● **WHAT THE TASK REQUIRES**
Apart from any images, the entries are to be output exactly.

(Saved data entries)

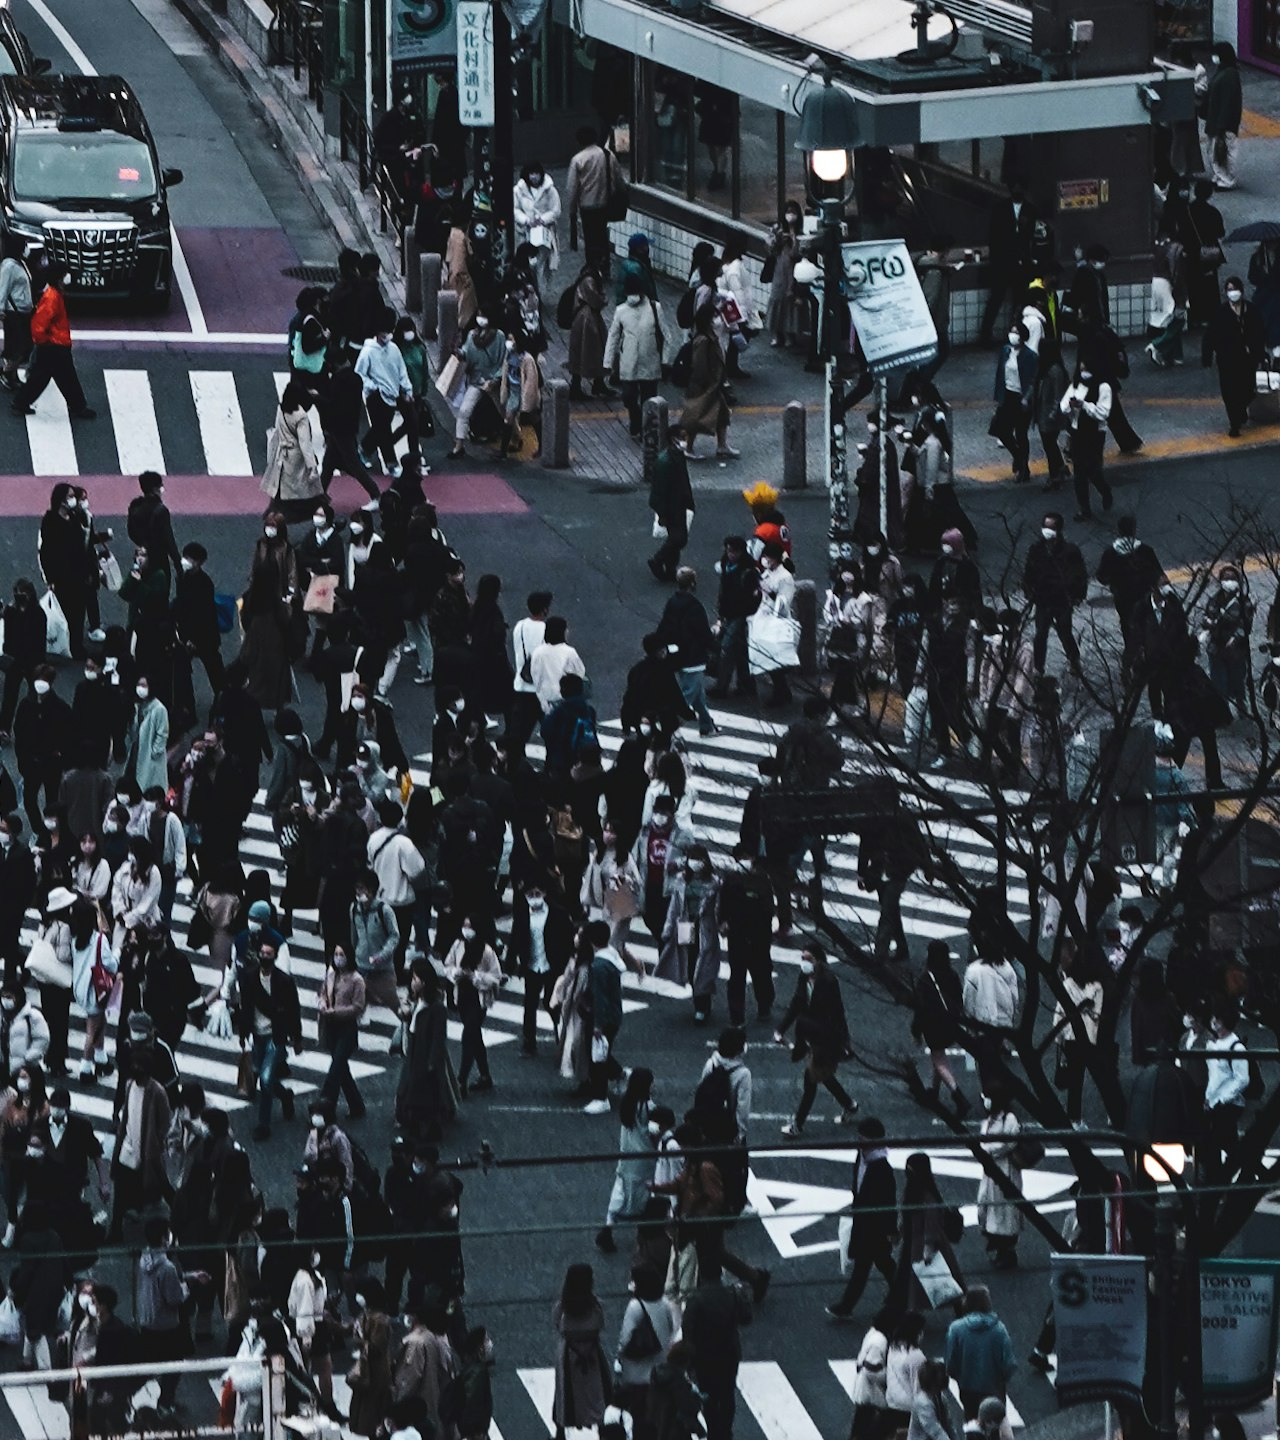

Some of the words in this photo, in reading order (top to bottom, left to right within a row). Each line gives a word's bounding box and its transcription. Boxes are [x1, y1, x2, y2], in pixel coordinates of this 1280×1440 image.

[1202, 1276, 1251, 1289] TOKYO
[1201, 1288, 1271, 1304] CREATIVE
[1201, 1317, 1239, 1331] 2022
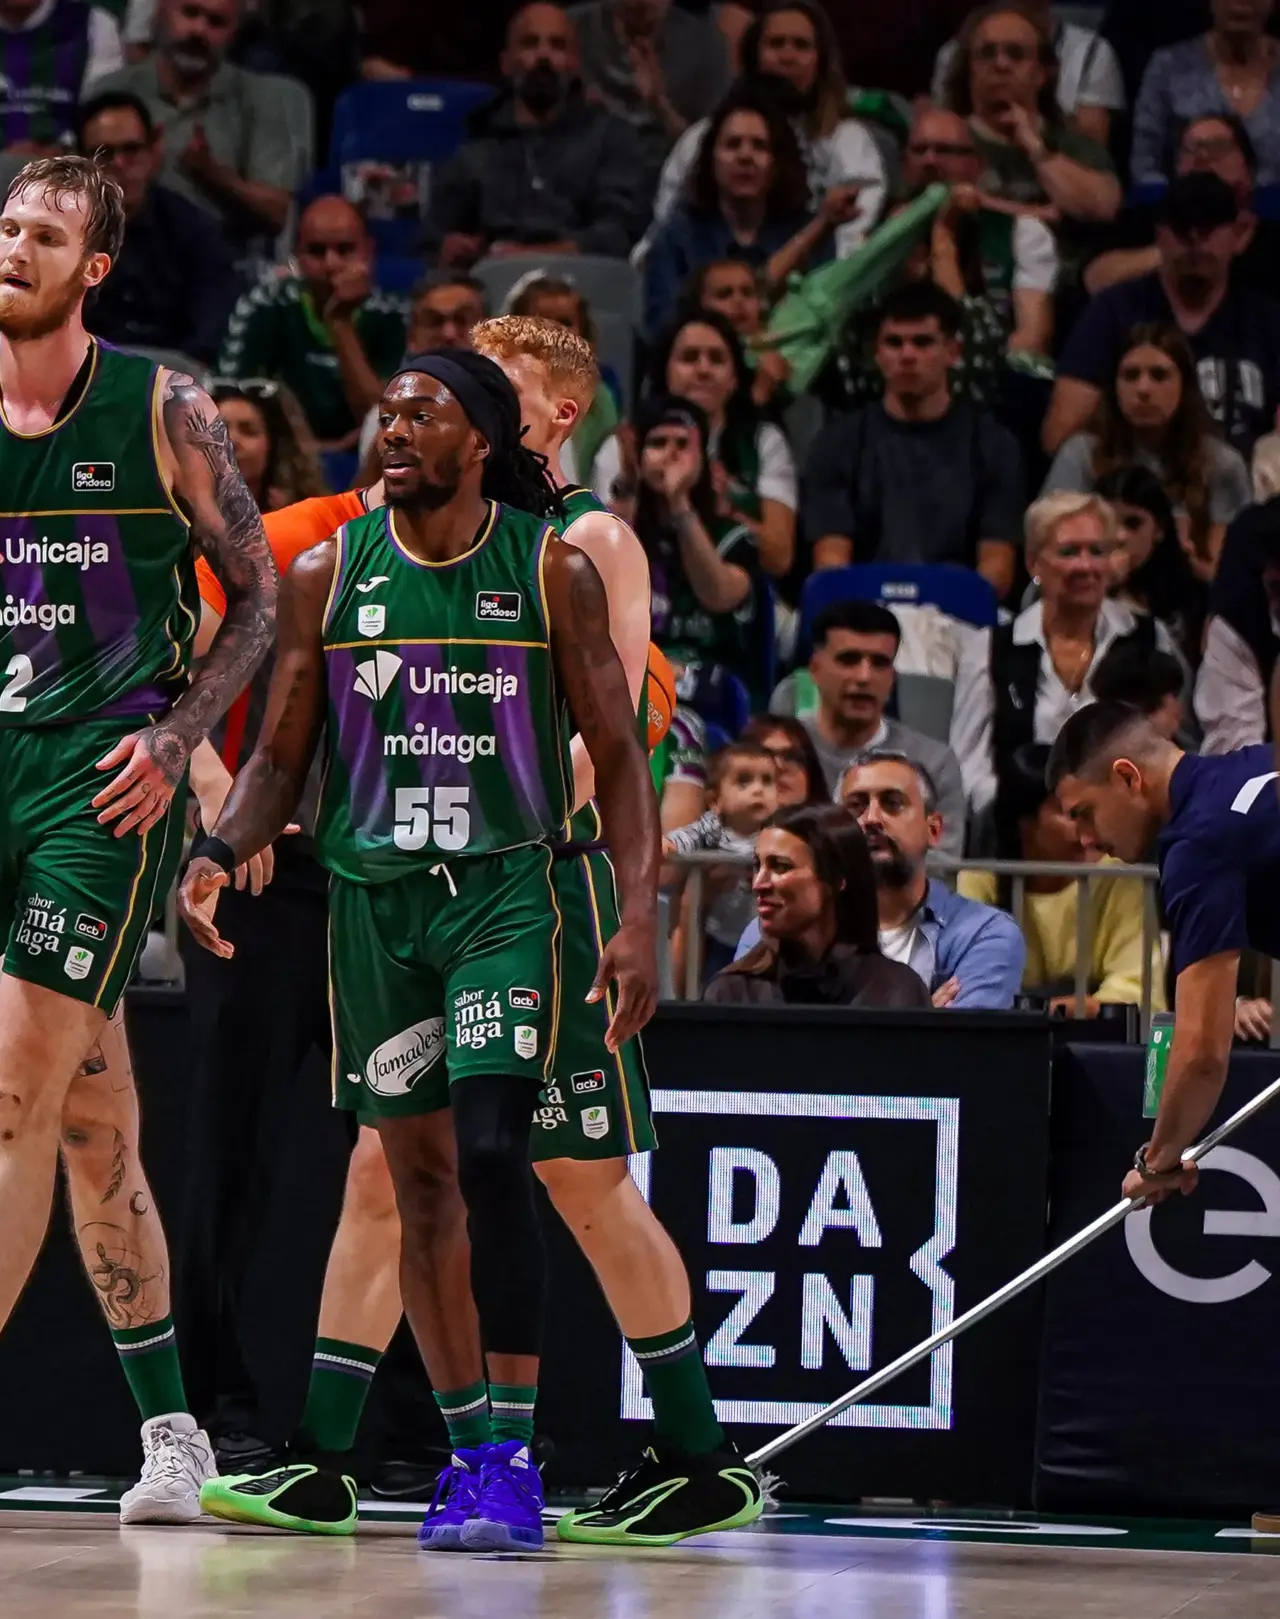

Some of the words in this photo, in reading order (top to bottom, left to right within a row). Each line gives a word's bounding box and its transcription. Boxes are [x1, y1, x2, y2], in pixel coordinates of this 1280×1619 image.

[5, 536, 109, 571] Unicaja
[480, 600, 498, 609] liga
[480, 608, 517, 617] endesa
[409, 666, 518, 703] Unicaja
[393, 787, 470, 851] 55
[15, 920, 60, 956] laga
[78, 922, 100, 936] acb
[454, 989, 485, 1009] sabor
[512, 996, 534, 1007] acb
[456, 1021, 504, 1049] laga
[546, 1078, 566, 1104] á
[576, 1079, 598, 1091] acb

● **EXERCISE ANSWER**
Some of the words in this photo, in reading order (top to bottom, left to right within a row). Each line gives a word's bounding box and its transcription. Boxes are [x1, y1, x2, y2], in pixel coordinates of this 1280×1440 image.

[1202, 1276, 1251, 1289] TOKYO
[1201, 1288, 1271, 1304] CREATIVE
[1201, 1317, 1239, 1331] 2022

Some of the words in this photo, in reading order (top to bottom, left to right within a row). Each line gives a word's bounding box and its transcription. Boxes are [x1, y1, x2, y2], in pixel coordinates of this 1280×1619 image.

[5, 536, 109, 571] Unicaja
[480, 600, 498, 609] liga
[480, 608, 517, 617] endesa
[409, 666, 518, 703] Unicaja
[393, 787, 470, 851] 55
[15, 920, 60, 956] laga
[78, 922, 100, 936] acb
[454, 989, 485, 1009] sabor
[512, 996, 534, 1007] acb
[456, 1021, 504, 1049] laga
[546, 1078, 566, 1104] á
[576, 1079, 598, 1091] acb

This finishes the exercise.